Work order:
Please copy the data exactly as it stands, minus the images.

Information provided:
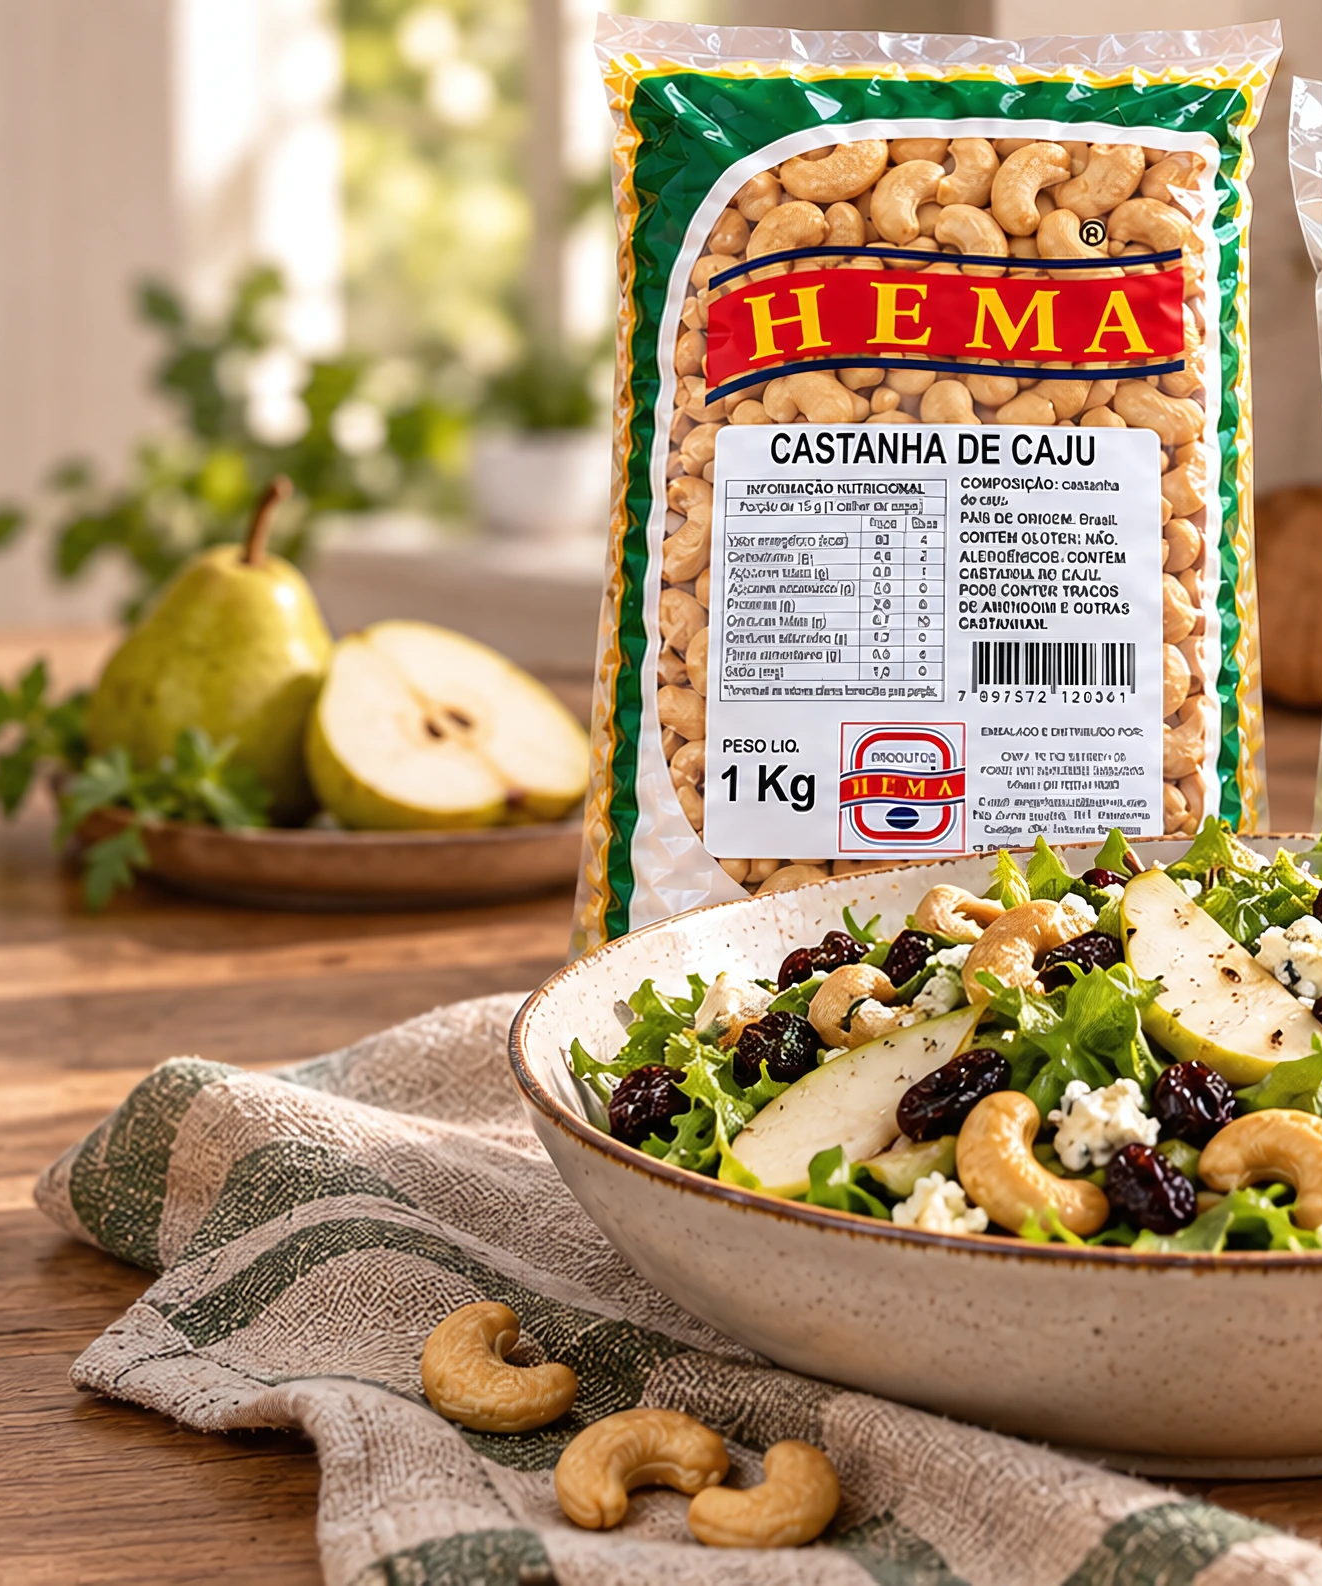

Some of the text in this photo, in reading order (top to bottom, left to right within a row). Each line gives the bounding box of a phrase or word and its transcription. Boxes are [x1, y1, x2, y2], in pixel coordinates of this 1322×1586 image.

[743, 283, 1154, 361] HEMA
[770, 432, 1096, 466] CASTANHA DE CAJU
[722, 738, 767, 753] PESO
[721, 764, 816, 812] 1 Kg
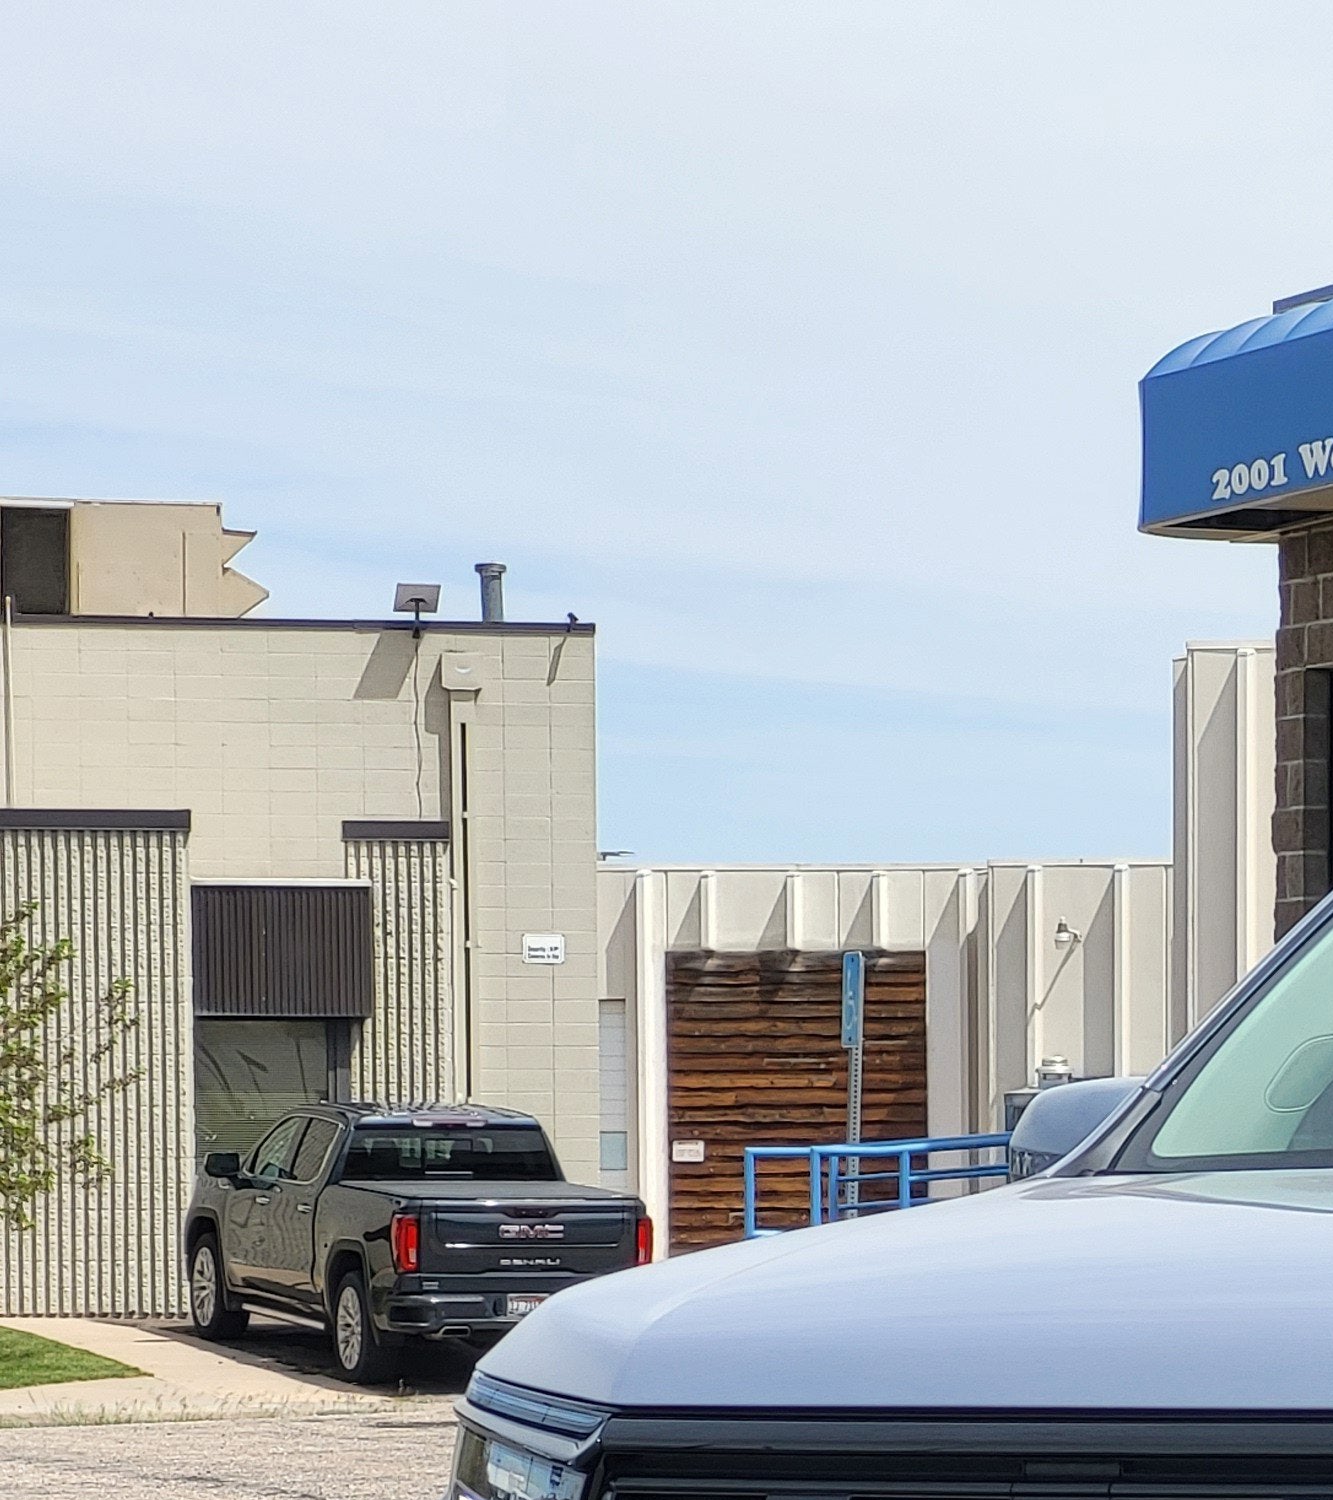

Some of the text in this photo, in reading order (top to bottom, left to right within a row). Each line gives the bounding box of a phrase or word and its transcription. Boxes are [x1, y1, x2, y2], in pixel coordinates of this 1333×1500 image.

[1211, 453, 1288, 501] 2001
[499, 1224, 565, 1239] GMC
[500, 1258, 561, 1266] DENALI
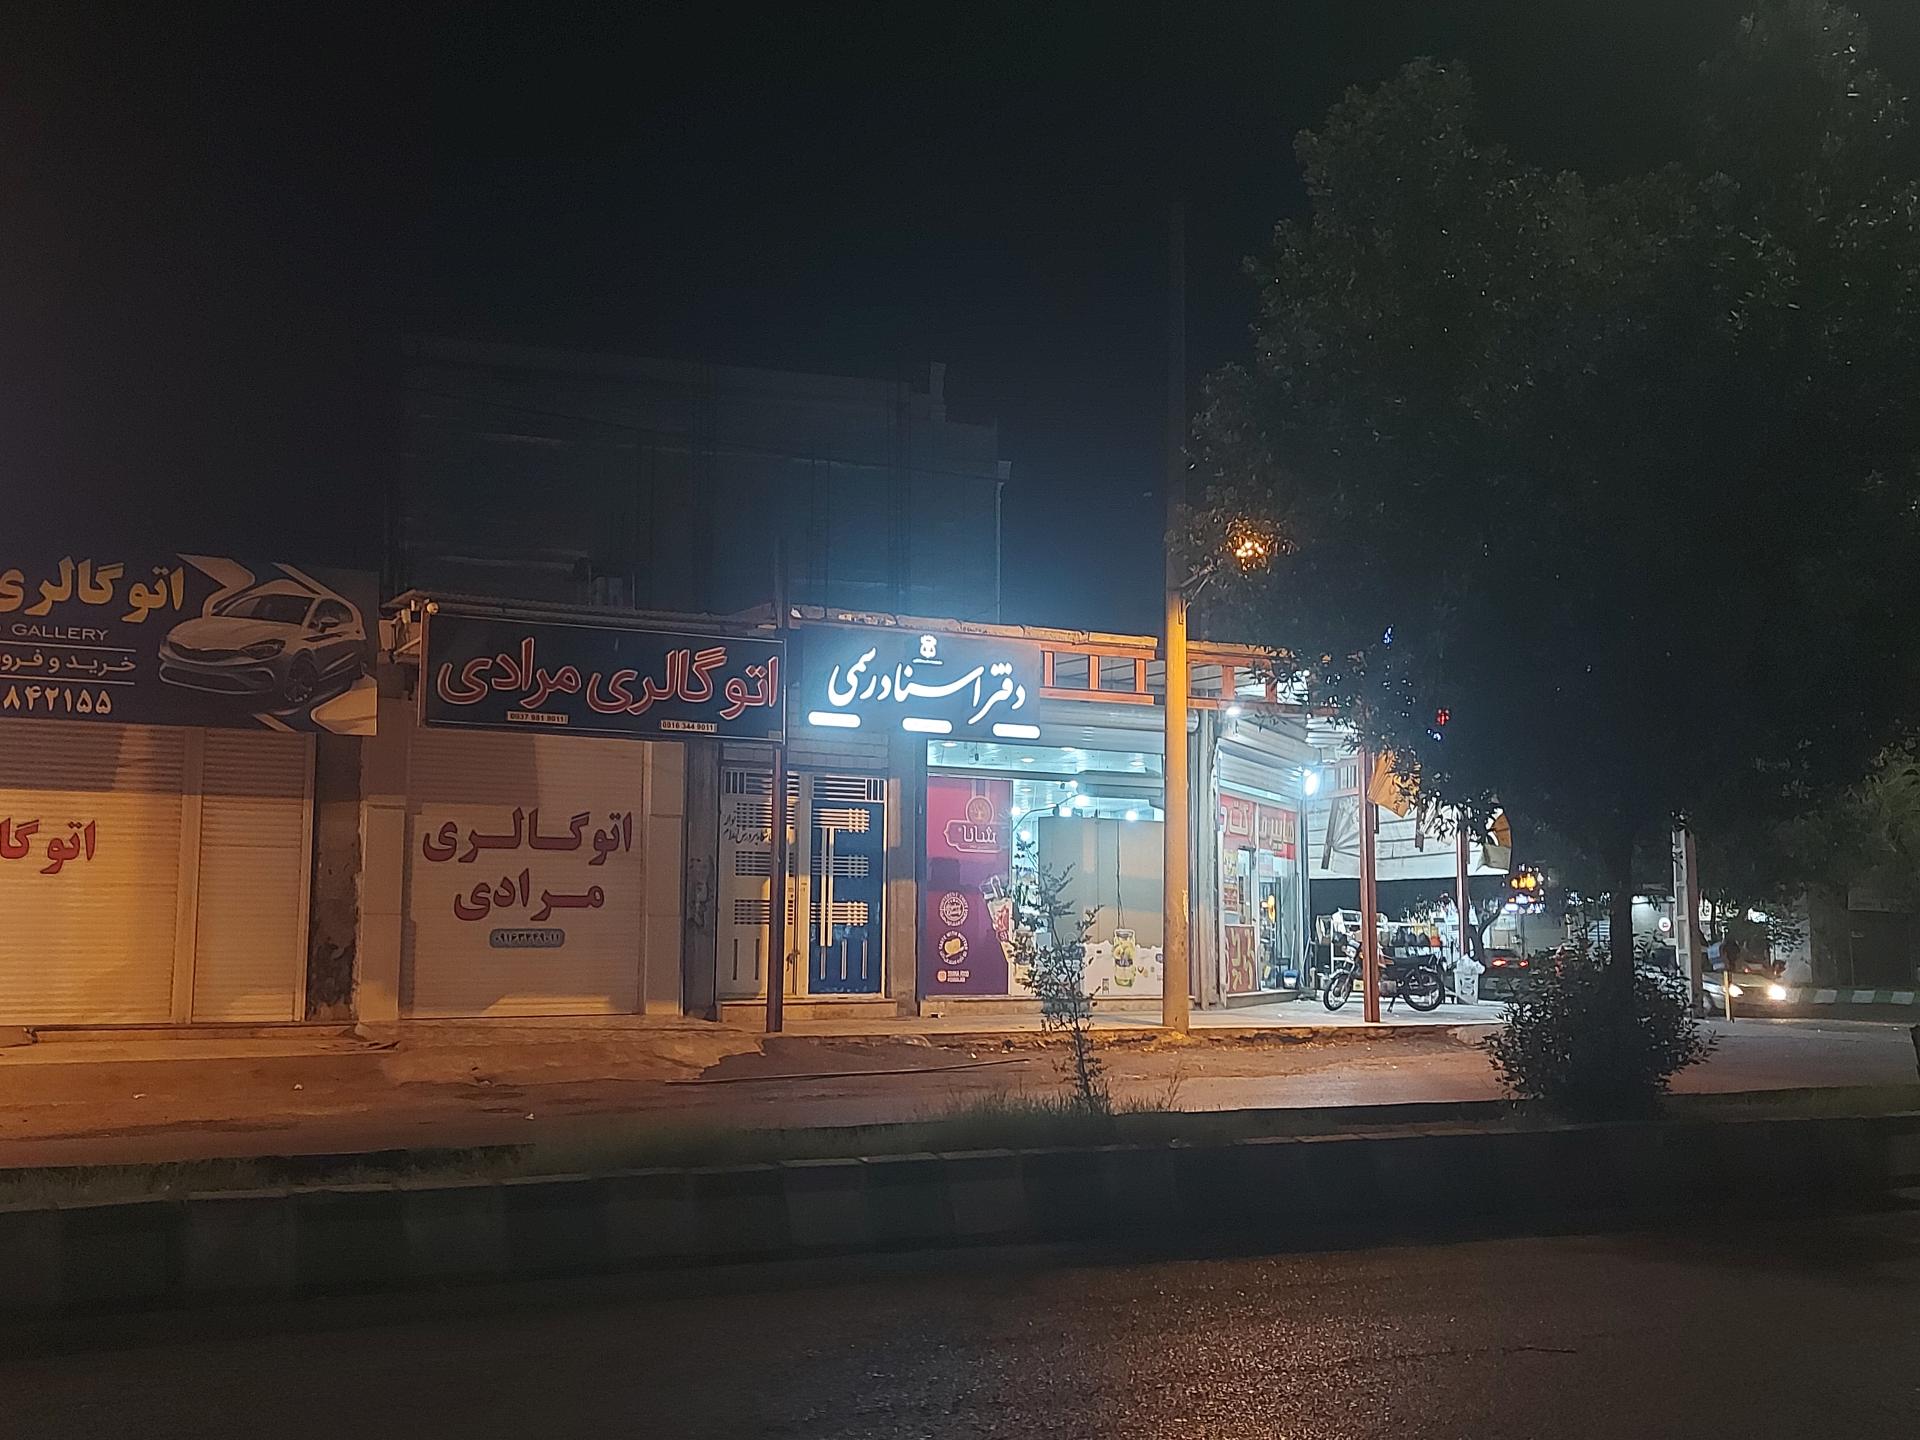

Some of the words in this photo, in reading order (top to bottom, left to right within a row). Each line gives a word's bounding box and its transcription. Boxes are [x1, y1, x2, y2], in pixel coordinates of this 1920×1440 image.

[0, 555, 125, 617] گالری
[121, 566, 184, 623] اتو
[11, 623, 108, 642] GALLERY
[0, 649, 44, 672] فرو
[48, 657, 61, 673] و
[66, 656, 137, 677] خرید
[437, 636, 582, 710] مرادی
[586, 646, 727, 715] گالری
[828, 647, 877, 707] رسمی
[877, 661, 985, 707] اسناد
[2, 685, 112, 714] ۸۴۲۱۵۵
[719, 655, 779, 721] اتو
[968, 661, 1026, 725] دفتر
[40, 819, 96, 874] اتو
[423, 806, 590, 863] گالری
[588, 811, 632, 865] اتو
[962, 824, 997, 844] شانا
[454, 868, 605, 922] مرادی

Completed exercise:
Some of the text in this photo, in reading order (top to bottom, left to right within a row). Each line gives the bounding box of a phrase or word and its transcription. Boxes are [x1, y1, x2, y2], in pixel coordinates of this 1322×1586 image.

[743, 283, 1154, 361] HEMA
[770, 432, 1096, 466] CASTANHA DE CAJU
[722, 738, 767, 753] PESO
[721, 764, 816, 812] 1 Kg

Some of the text in this photo, in reading order (top to bottom, left to right within a row). Each line gives the bounding box of a phrase or word and its transcription. Boxes are [x1, y1, x2, y2], in pixel coordinates of this 1333×1500 image.

[1211, 453, 1288, 501] 2001
[499, 1224, 565, 1239] GMC
[500, 1258, 561, 1266] DENALI

Some of the words in this photo, in reading order (top to bottom, left to right within a row). Each line gives a word's bounding box and its transcription. Boxes are [x1, y1, x2, y2], in pixel coordinates of this 1920×1440 image.

[0, 555, 125, 617] گالری
[121, 566, 184, 623] اتو
[11, 623, 108, 642] GALLERY
[0, 649, 44, 672] فرو
[48, 657, 61, 673] و
[66, 656, 137, 677] خرید
[437, 636, 582, 710] مرادی
[586, 646, 727, 715] گالری
[828, 647, 877, 707] رسمی
[877, 661, 985, 707] اسناد
[2, 685, 112, 714] ۸۴۲۱۵۵
[719, 655, 779, 721] اتو
[968, 661, 1026, 725] دفتر
[40, 819, 96, 874] اتو
[423, 806, 590, 863] گالری
[588, 811, 632, 865] اتو
[962, 824, 997, 844] شانا
[454, 868, 605, 922] مرادی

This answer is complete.